Supplied records Block Start
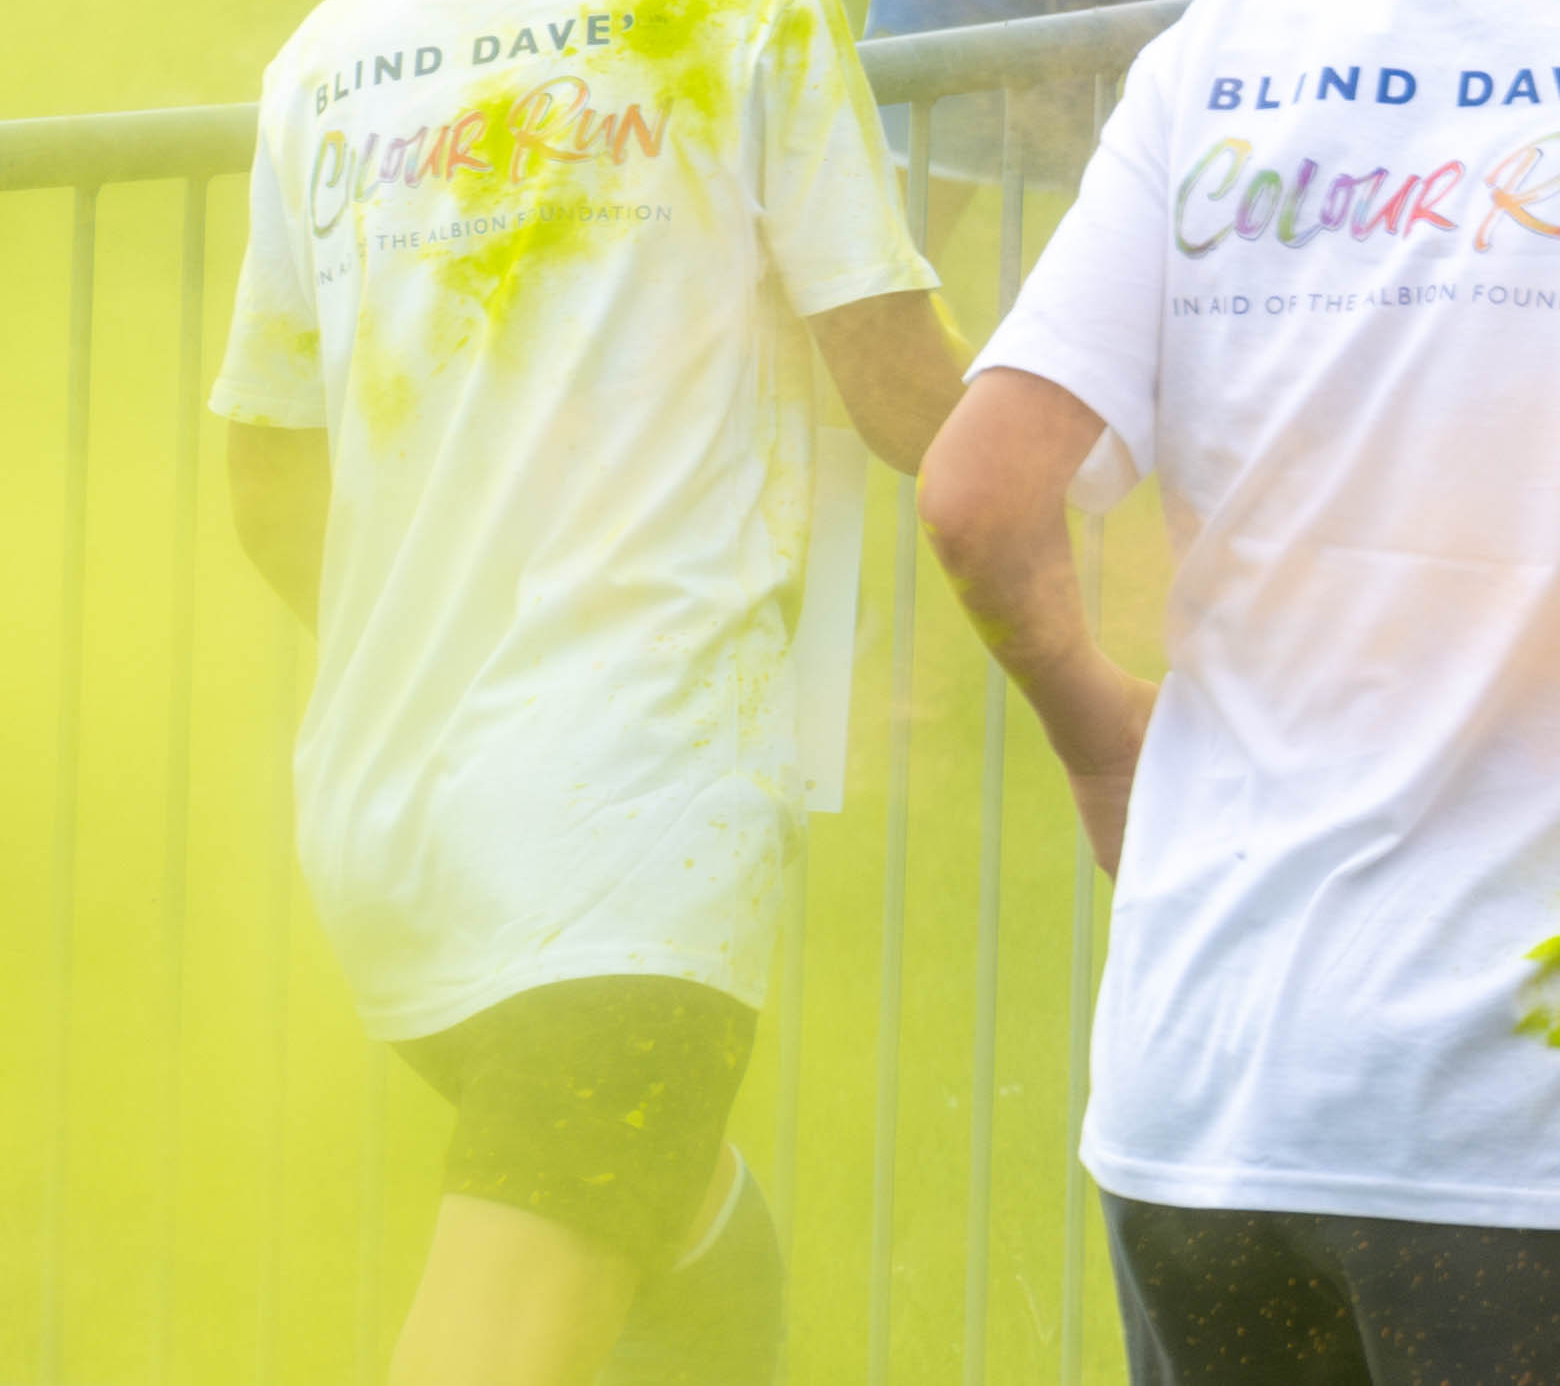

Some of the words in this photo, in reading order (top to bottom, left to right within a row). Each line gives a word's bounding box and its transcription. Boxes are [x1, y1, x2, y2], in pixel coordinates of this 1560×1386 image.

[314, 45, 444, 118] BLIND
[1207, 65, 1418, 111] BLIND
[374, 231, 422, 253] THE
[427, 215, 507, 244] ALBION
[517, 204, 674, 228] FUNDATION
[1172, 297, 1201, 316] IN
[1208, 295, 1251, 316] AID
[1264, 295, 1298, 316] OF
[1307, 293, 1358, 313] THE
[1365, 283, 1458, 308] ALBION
Supplied records Block End
Aim of the task: The result should be every entry, word for word, and no pictures.

Reply:
Some of the words in this photo, in reading order (top to bottom, left to right within a row). Each line gives a word's bounding box and its transcription. Boxes are [x1, y1, x2, y2], in pixel coordinates of this 1560×1386 image.

[314, 45, 444, 118] BLIND
[1207, 65, 1418, 111] BLIND
[374, 231, 422, 253] THE
[427, 215, 507, 244] ALBION
[517, 204, 674, 228] FUNDATION
[1172, 297, 1201, 316] IN
[1208, 295, 1251, 316] AID
[1264, 295, 1298, 316] OF
[1307, 293, 1358, 313] THE
[1365, 283, 1458, 308] ALBION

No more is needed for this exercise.